Video 1. AR kidney model used in this study.
AR: augmented reality
Providers were instructed to educate patients in lay language, the basic understanding of kidney structure and function, with animation depicting the flow of blood, the processes with a simple cycle animation, and the outward excretion of urine. The provider then educates on the mechanisms of NSAID-induced kidney injury in simple terms such as limitation to blood flow, damage to kidney tissue, and decreasing urine output. Video 1 demonstrates a simulation of the animation used in the model, which was shown to the patients.
Video 1. Animation demo using the augmented reality (AR) model.
Pre- and post-intervention scores were compared to assess the effectiveness of the AR model. The mean pre-intervention score was 3.52±1.29, and the mean post-intervention score was 6.52±1.74. Statistical analyses included the calculation of relative and absolute changes in knowledge scores, Cohen’s D, T score, and p-value.
Results
The study demonstrated a significant improvement in patient knowledge following the AR intervention. The mean pre-intervention score was 3.52±1.29, while the mean post-intervention score was 6.52±1.74. The lowest pre-intervention score was one, and the highest was nine. The relative change in knowledge score was 1.07, and the absolute change was 3.0±1.41.
A Cohen’s D of 2.12, which expresses a large effect size, indicating that the intervention had a substantial effect on the knowledge scores, as well as a T score of 11.34 with a p-value of <0.005, which indicated a statistically significant difference. Figure 1 shows a box plot comparison of the score comparison in respect to the sample size used.
Figure 1. Box plot comparison of pre- and post-intervention knowledge scores with additional statistic measures in the adjacent box.

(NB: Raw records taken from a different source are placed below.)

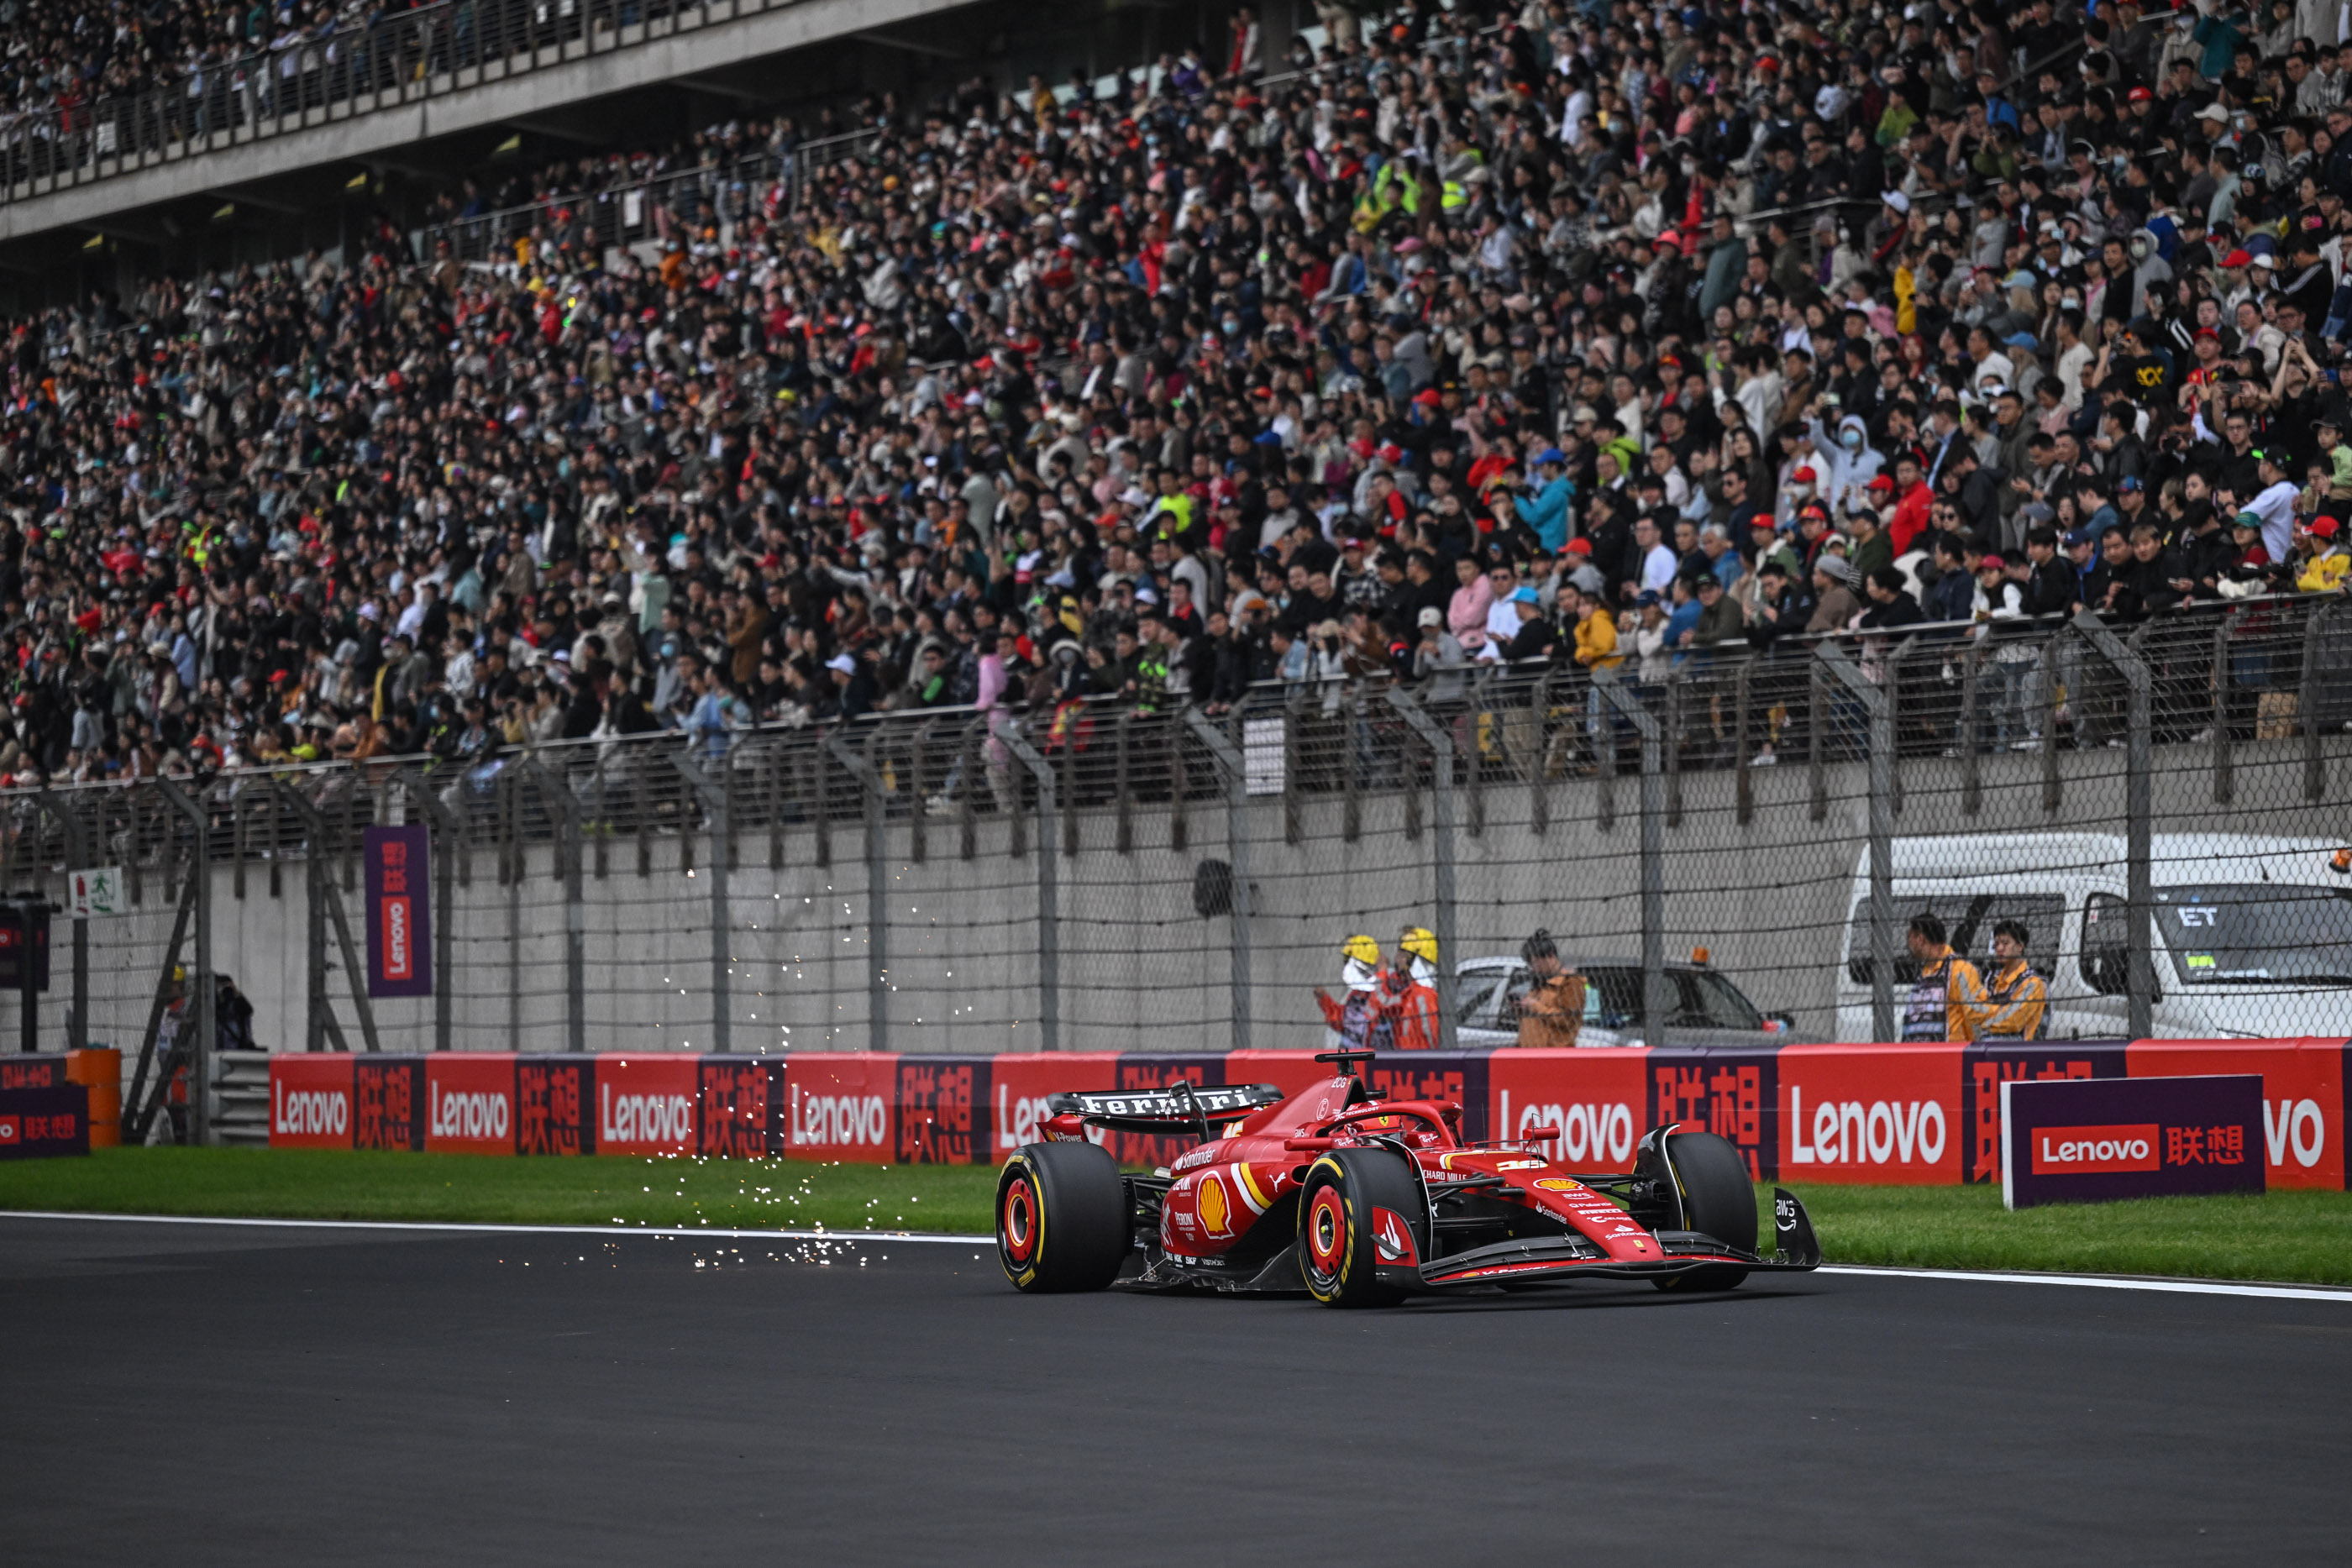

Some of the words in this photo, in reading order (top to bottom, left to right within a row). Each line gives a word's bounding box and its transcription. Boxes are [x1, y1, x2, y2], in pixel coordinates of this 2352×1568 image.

[389, 902, 406, 974] Lenovo
[276, 1079, 347, 1135] Lenovo
[358, 1066, 411, 1151] 联想
[432, 1080, 508, 1138] Lenovo
[519, 1067, 580, 1155] 联想
[602, 1083, 690, 1142] Lenovo
[702, 1066, 768, 1159] 联想
[791, 1083, 886, 1146] Lenovo
[900, 1066, 974, 1164] 联想
[1346, 1106, 1379, 1116] TECHNOLOGY
[1499, 1089, 1632, 1164] Lenovo
[1791, 1086, 1946, 1166] Lenovo
[1183, 1147, 1215, 1169] Santander
[1496, 1160, 1549, 1172] 16
[2042, 1137, 2150, 1162] Lenovo
[2166, 1125, 2244, 1166] 联想
[1422, 1170, 1445, 1181] CHARD
[1174, 1211, 1194, 1225] PERONI
[1542, 1205, 1567, 1225] Santander
[1776, 1199, 1796, 1218] aws
[1605, 1232, 1651, 1240] Santander
[1185, 1256, 1197, 1265] SKF

Score refers to pre- and post-intervention knowledge scores. As mentioned in the materials and methods sections, this refers to responses to the questionnaire before the intervention, and then post-intervention. The intervention refers to exposure and learning through the augmented reality model.
Additionally, a total of 51 out of the 67 participants responded that they would be willing to make changes to protect their kidneys from renal injuries caused by NSAIDs, which is an estimated 76.1% of the sample size, while 16 out of 67 responded they would not. Additional behavioral analysis, including what limits patients in making the change, and techniques such as motivational interviewing were used; however, recording of those responses was performed as a part of the medical outpatient visits and was not a part of the results. Figure 2 shows a pie chart representing the prevalence of behavioral change after the AR model intervention.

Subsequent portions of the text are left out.